§ **Your task**
Word for word, copy out every line of the records, omitting each picture.
━━━━━━━━━━
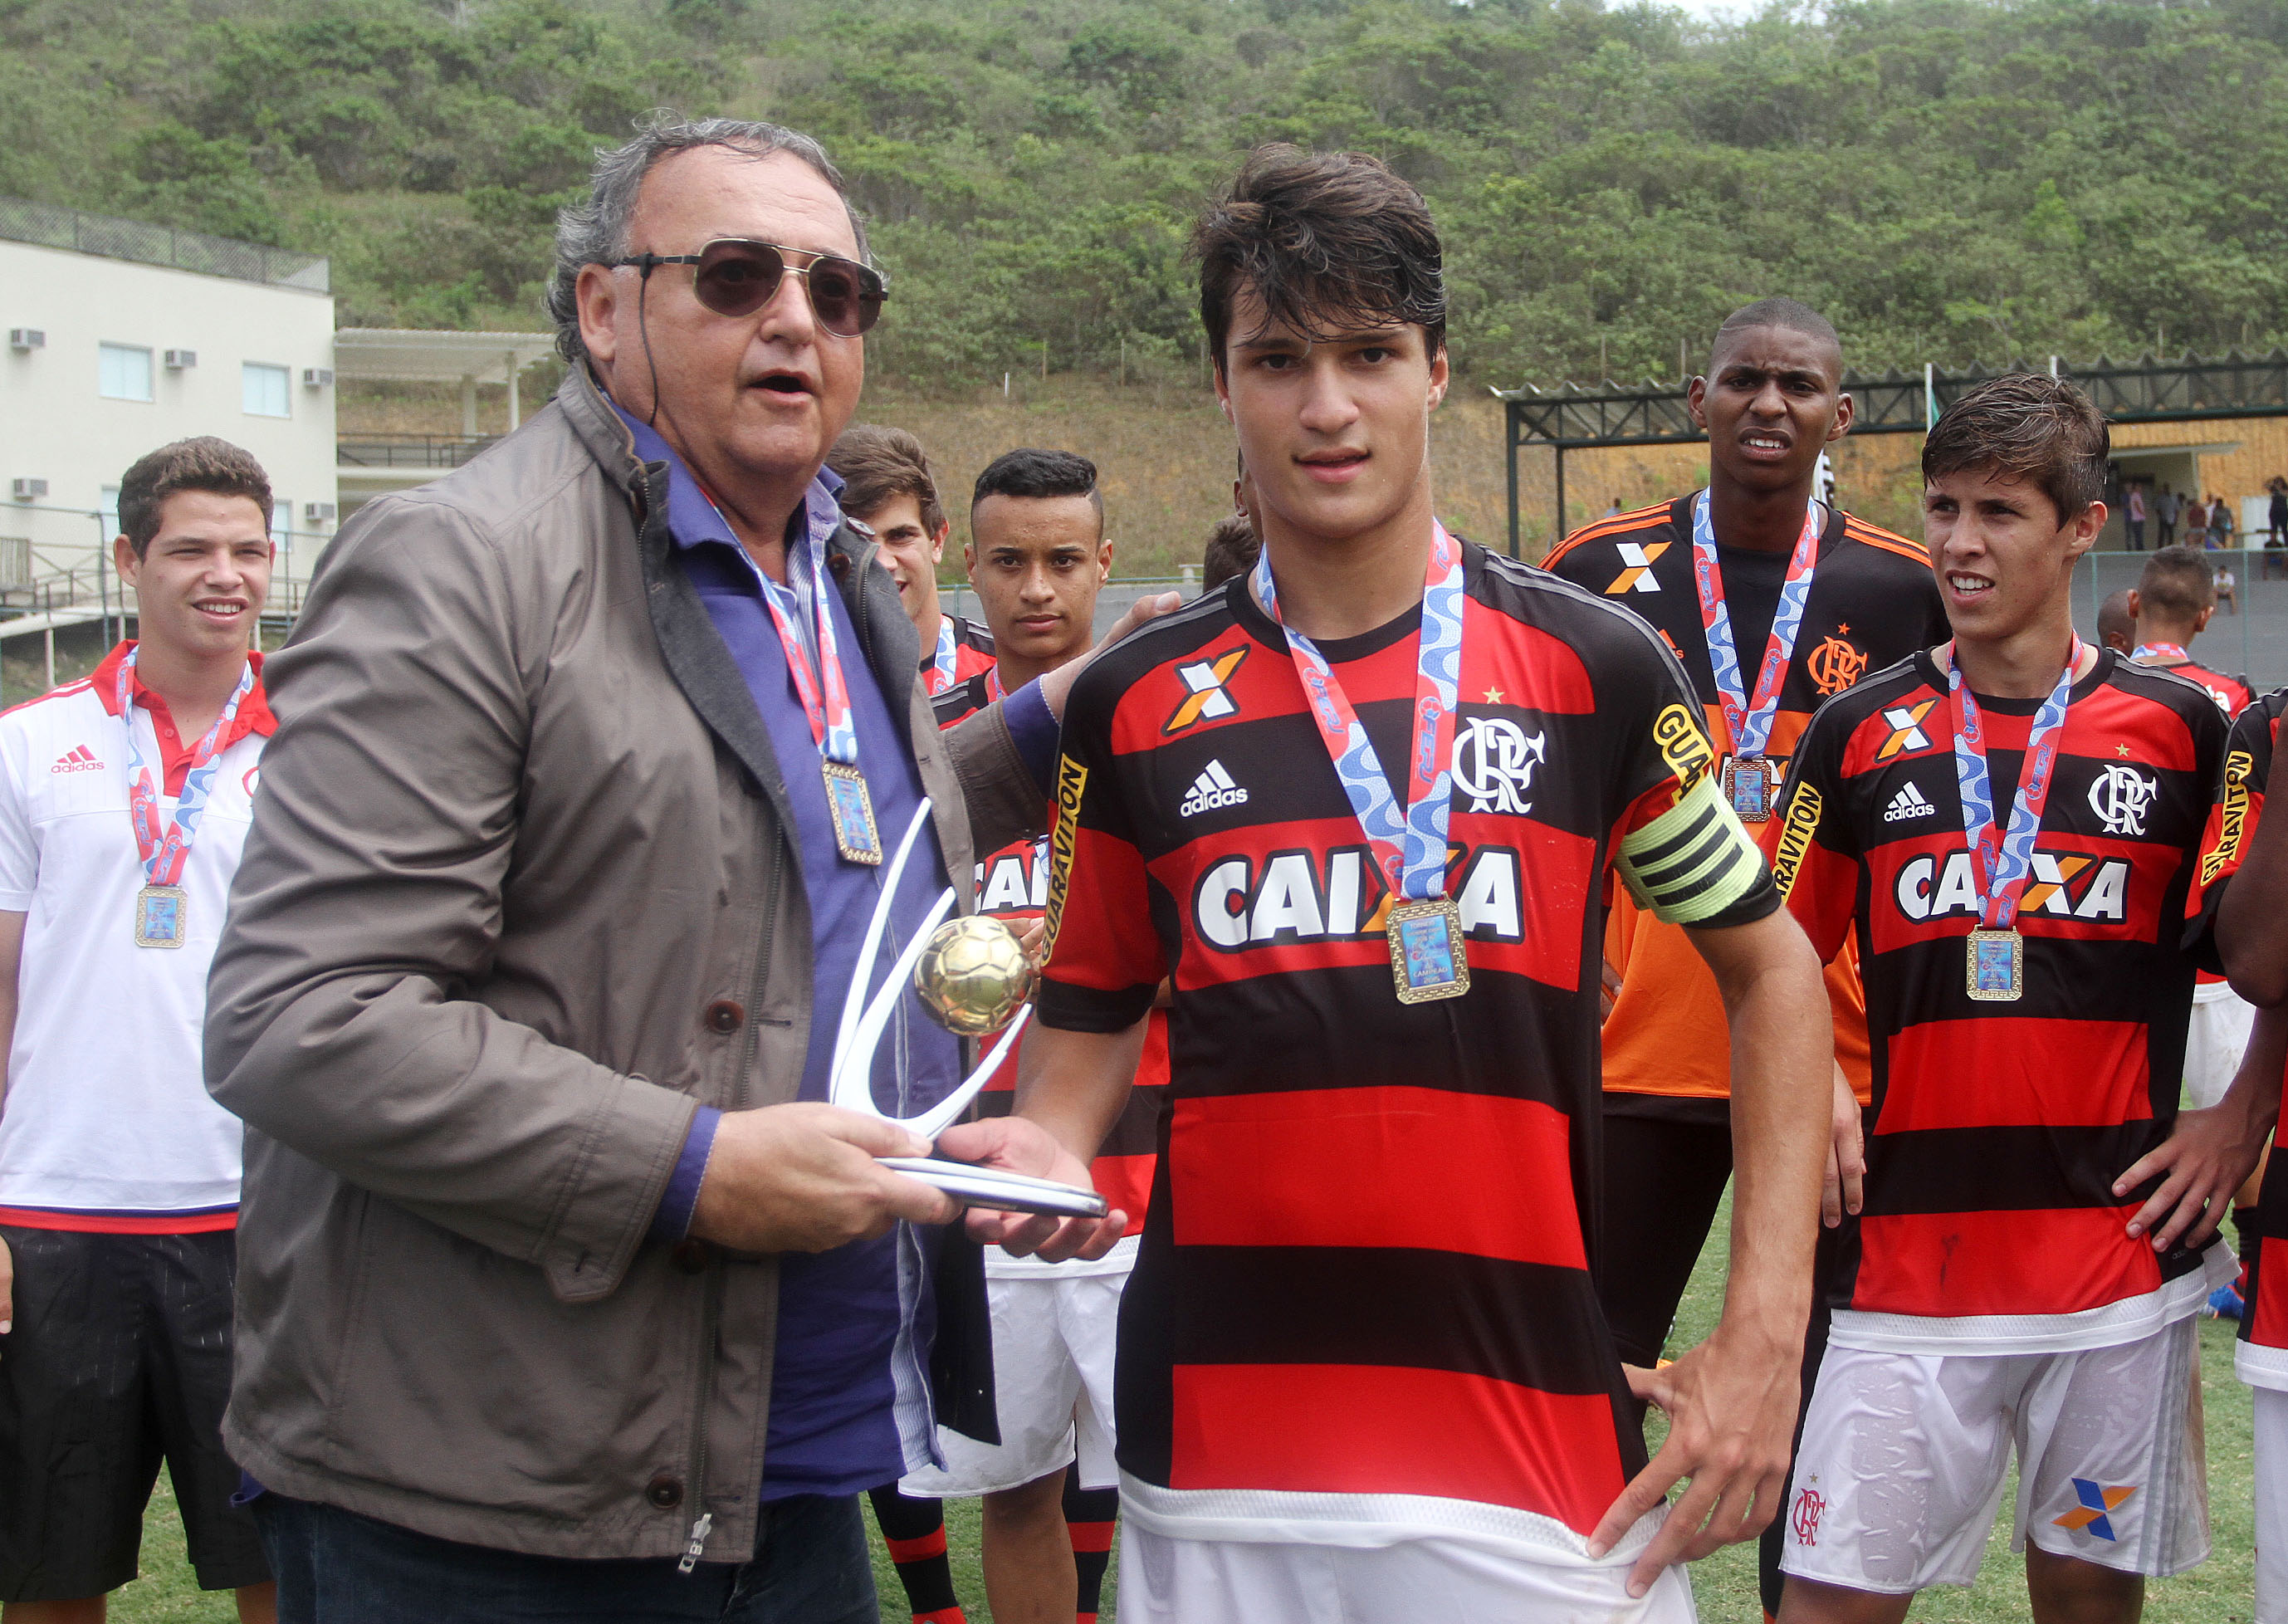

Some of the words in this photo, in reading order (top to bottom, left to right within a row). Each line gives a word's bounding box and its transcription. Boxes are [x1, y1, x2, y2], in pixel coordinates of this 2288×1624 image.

[51, 760, 105, 774] adidas
[1418, 714, 1438, 785] FERJ
[1180, 787, 1249, 818] adidas
[1884, 803, 1936, 822] adidas
[1041, 761, 1085, 961] GUARAVITON
[1897, 852, 2128, 920] CAXA
[1197, 849, 1519, 947] CAIA
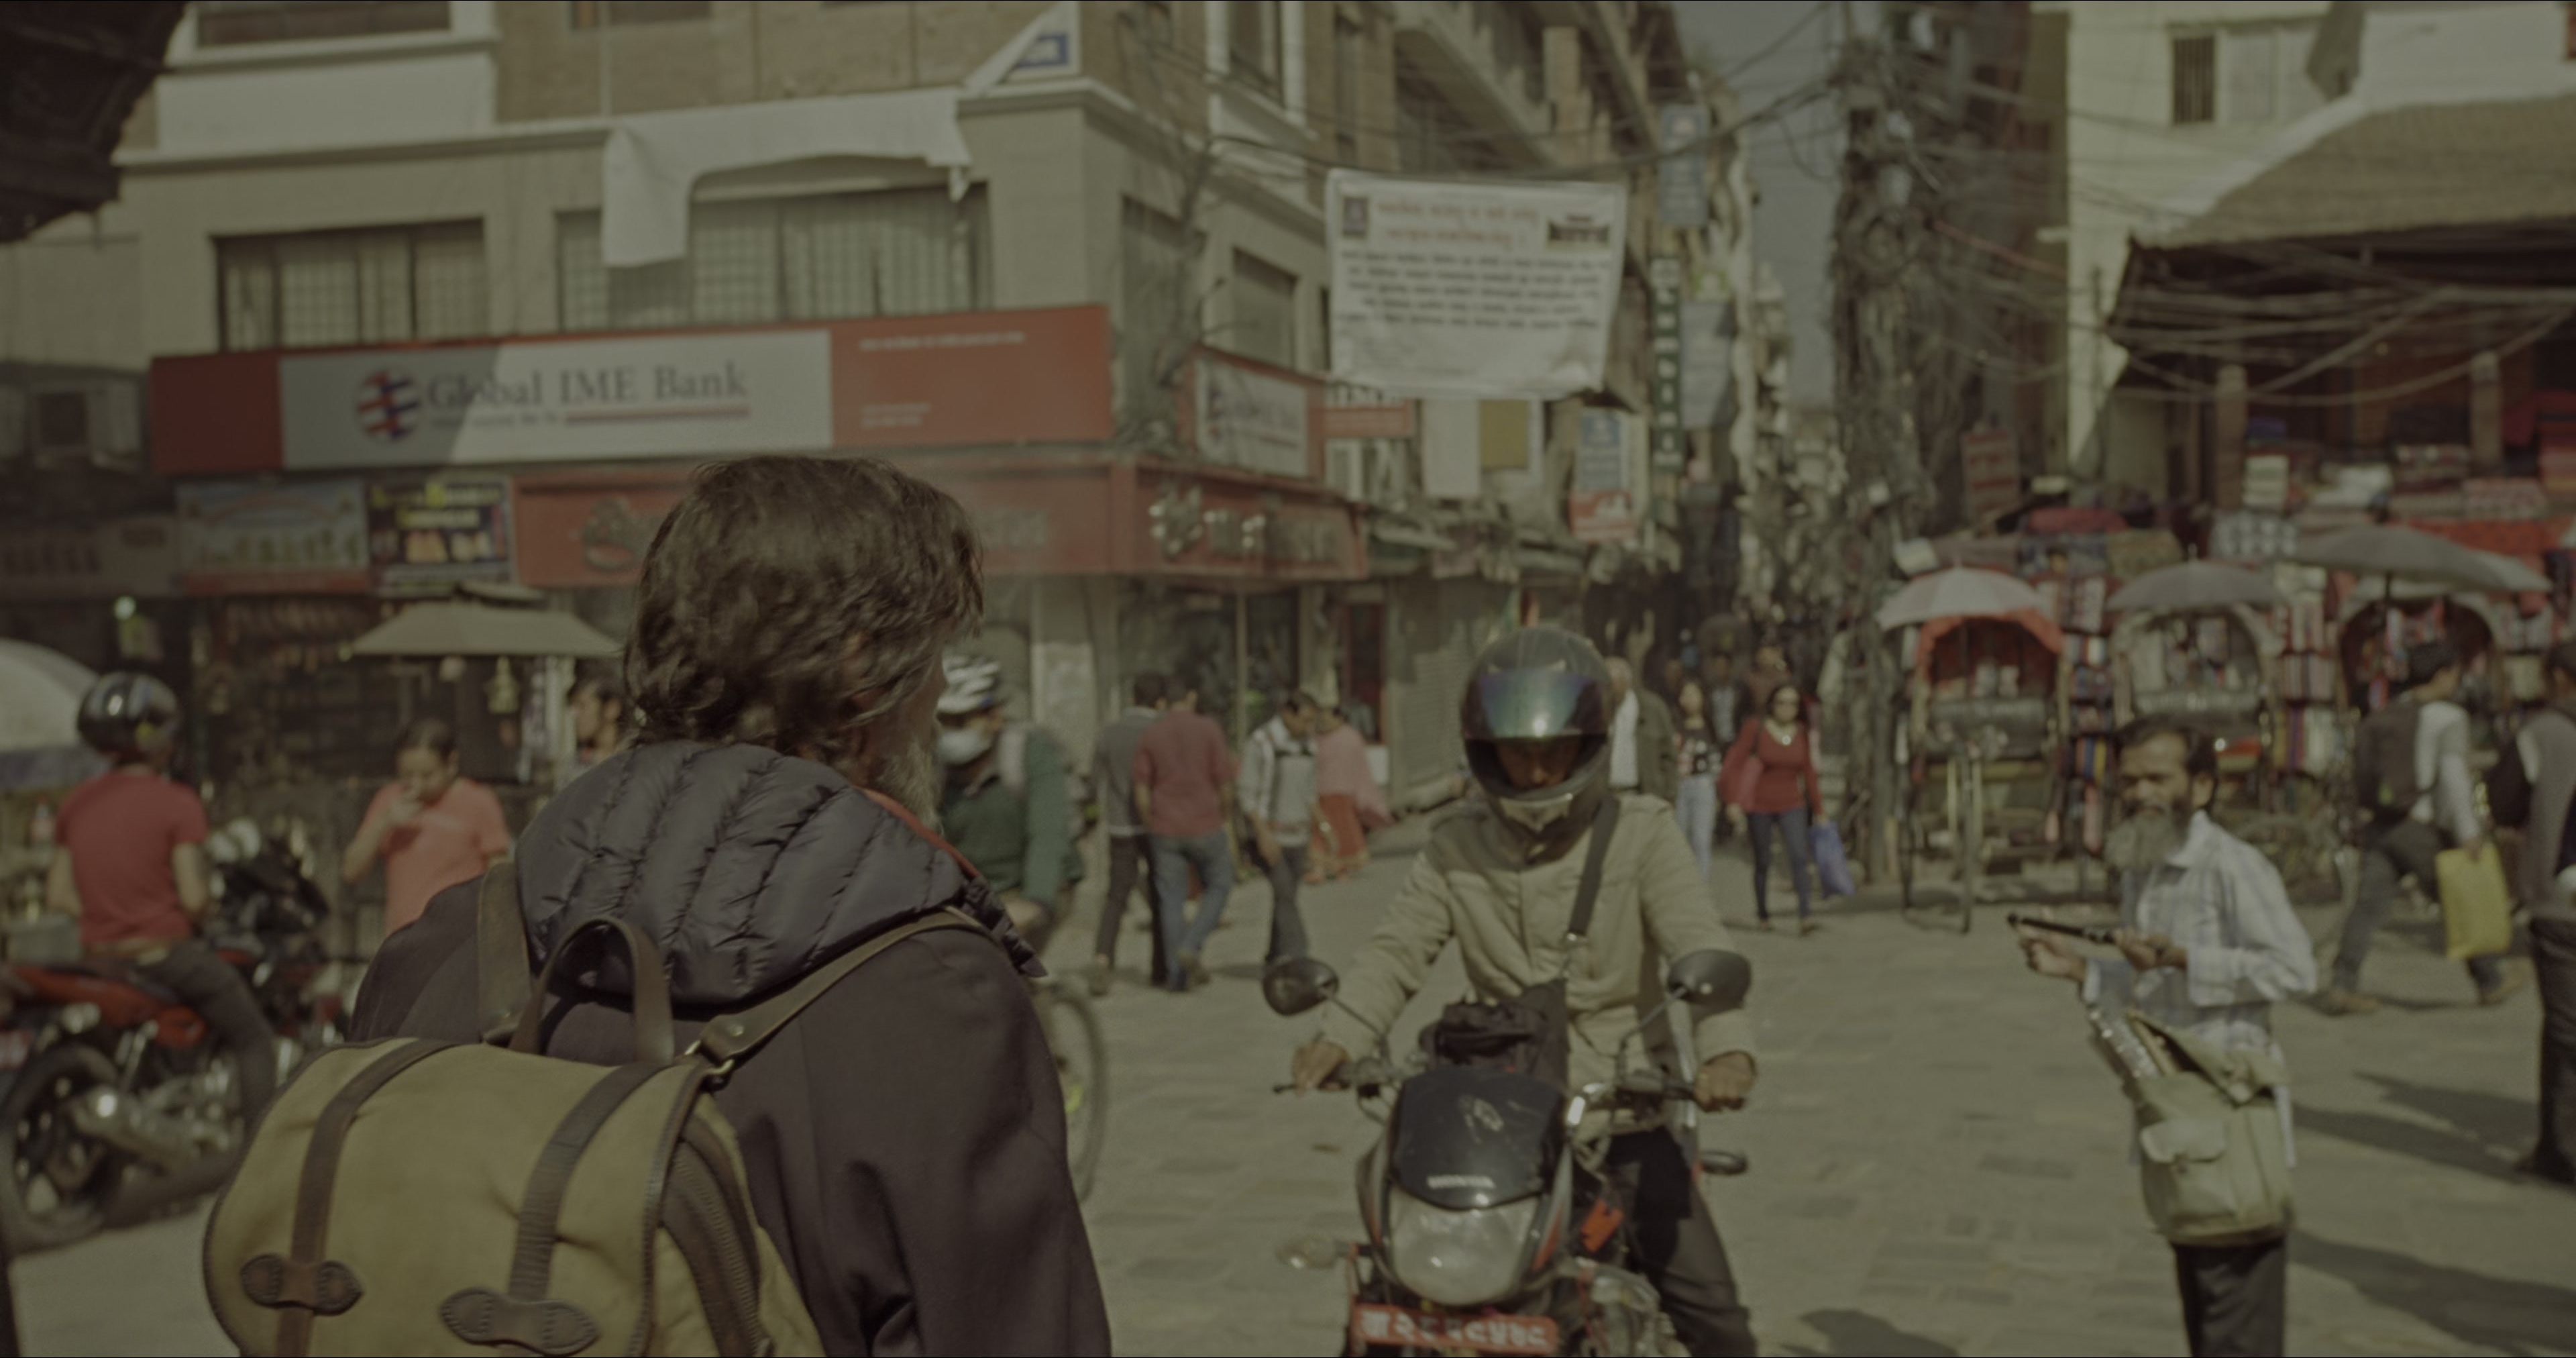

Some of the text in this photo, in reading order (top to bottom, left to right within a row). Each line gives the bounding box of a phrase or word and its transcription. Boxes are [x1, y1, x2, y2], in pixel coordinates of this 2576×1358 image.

[427, 361, 748, 407] Global IME Bank
[1426, 1175, 1496, 1190] HONDA
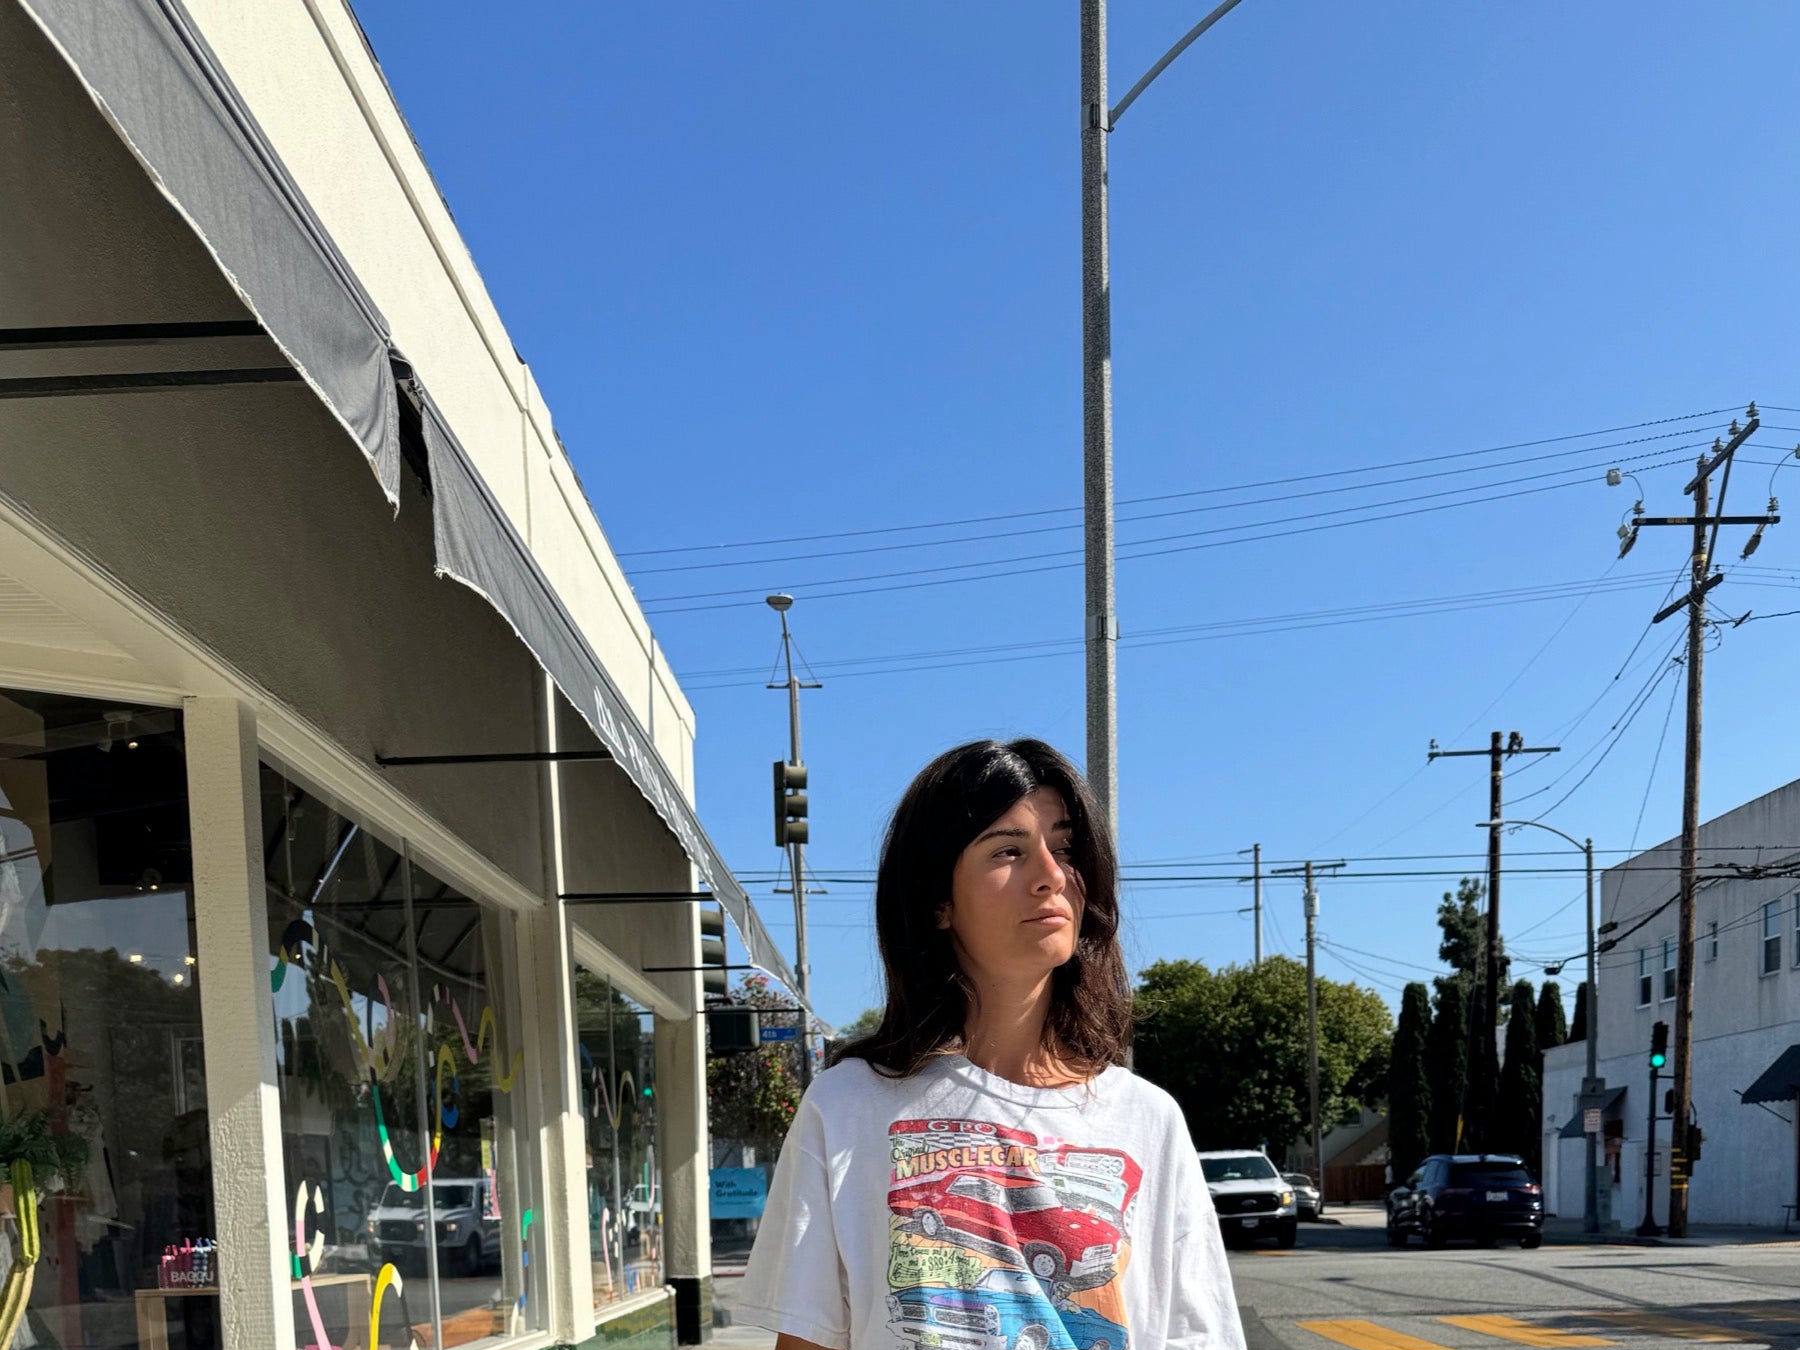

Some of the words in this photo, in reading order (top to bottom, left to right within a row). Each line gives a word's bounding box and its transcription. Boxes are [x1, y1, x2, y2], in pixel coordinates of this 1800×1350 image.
━━━━━━━━━━
§ **Result**
Some of the words in this photo, in reading order (top to bottom, left to right within a row). Each line gives a word's bounding box and its transcription. Boxes are [x1, y1, x2, y2], in pixel coordinates of this 2288×1624 image.

[51, 760, 105, 774] adidas
[1418, 714, 1438, 785] FERJ
[1180, 787, 1249, 818] adidas
[1884, 803, 1936, 822] adidas
[1041, 761, 1085, 961] GUARAVITON
[1897, 852, 2128, 920] CAXA
[1197, 849, 1519, 947] CAIA

Some of the text in this photo, in reading order (top to bottom, left to right within a row). Each line gives the bounding box of a phrase or word and its transcription. Boxes are [x1, y1, x2, y2], in pixel coordinates of this 2576×1358 image.

[427, 361, 748, 407] Global IME Bank
[1426, 1175, 1496, 1190] HONDA

Some of the words in this photo, in reading order (top to bottom, left to right within a row). Each line gives a word's bounding box and its transcription. Boxes are [x1, y1, x2, y2], in pixel coordinates of this 1800×1350 image.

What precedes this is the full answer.